Alkali spreading value were determined following the Chinese agricultural industry standard “NY/T 83-2017 Determination of rice quality.” Six randomly selected mature and intact grains of milled rice were placed in a square container, into which a suitable volume of 0.304 mol/L potassium hydroxide solution was introduced. The container was then maintained in a 30 °C incubator for a period of 23 h, after which the extent of gelatinization of the endosperm in the rice grains was assessed.
Gel consistency was measured per the national standard “GB/T 22294-2008 Inspection of grain and oil-Determination of rice adhesive strength.” A precise quantity of 100 mg of processed rice flour was placed into a test tube, followed by the addition of 0.2 mL of 0.025 % methyl violet aqueous solution and 2.0 mL of 0.200 mol/L potassium hydroxide solution. The mixture was then thoroughly combined to facilitate gel formation. Subsequently, the distance that the gel flowed within the test tube was measured.

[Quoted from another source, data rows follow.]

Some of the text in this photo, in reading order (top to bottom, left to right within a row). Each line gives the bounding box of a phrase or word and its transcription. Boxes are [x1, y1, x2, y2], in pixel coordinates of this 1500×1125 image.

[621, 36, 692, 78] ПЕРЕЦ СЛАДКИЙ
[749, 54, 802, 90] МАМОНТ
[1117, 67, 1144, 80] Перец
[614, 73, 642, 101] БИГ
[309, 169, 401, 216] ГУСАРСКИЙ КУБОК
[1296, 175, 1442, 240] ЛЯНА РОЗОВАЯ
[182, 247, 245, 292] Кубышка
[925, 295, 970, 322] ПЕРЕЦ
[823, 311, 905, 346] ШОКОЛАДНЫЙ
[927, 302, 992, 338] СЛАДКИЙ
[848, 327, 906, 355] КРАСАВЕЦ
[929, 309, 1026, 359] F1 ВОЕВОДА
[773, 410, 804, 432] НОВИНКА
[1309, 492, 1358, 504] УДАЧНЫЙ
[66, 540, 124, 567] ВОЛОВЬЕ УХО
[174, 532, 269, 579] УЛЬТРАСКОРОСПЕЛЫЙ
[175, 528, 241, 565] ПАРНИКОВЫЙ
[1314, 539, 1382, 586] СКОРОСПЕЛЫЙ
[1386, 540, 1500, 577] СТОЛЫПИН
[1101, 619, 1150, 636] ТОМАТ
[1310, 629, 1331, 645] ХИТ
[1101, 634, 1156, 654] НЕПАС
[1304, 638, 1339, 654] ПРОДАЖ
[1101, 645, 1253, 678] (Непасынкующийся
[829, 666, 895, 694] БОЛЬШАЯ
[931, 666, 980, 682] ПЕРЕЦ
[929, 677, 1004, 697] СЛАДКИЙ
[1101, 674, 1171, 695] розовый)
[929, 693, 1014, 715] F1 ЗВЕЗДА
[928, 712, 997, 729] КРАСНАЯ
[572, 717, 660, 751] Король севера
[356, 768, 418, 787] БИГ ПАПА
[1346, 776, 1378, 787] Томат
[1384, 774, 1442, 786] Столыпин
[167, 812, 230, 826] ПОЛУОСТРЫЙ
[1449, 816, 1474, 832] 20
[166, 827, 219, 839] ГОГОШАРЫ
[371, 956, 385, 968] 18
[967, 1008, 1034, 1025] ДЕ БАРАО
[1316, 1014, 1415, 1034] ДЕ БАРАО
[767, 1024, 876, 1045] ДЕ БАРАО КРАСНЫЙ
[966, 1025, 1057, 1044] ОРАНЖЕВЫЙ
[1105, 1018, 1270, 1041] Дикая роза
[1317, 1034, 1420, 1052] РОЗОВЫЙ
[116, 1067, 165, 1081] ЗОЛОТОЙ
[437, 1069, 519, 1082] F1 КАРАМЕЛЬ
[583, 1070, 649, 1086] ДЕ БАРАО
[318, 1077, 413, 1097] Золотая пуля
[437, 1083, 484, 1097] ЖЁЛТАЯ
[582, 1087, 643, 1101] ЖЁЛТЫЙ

Amylose content was analyzed according to the spectrophotometric protocol outlined in “NY/T 2639-2014 Determination of amylose content in rice-Spectrophotometry method.” The iodine-blue colorimetric method (ISO 6647-2-2007) was employed for this measurement. A standard curve was created using standard samples with known amylose content, derived from their absorbance readings. The absorbance of the test sample was recorded at 620 nm, and the amylose content was calculated by applying the standard curve equation.
Protein was quantified via the automatic Kjeldahl nitrogen assessment procedure from “GB 5009.5-2016 Determination of protein in foods.”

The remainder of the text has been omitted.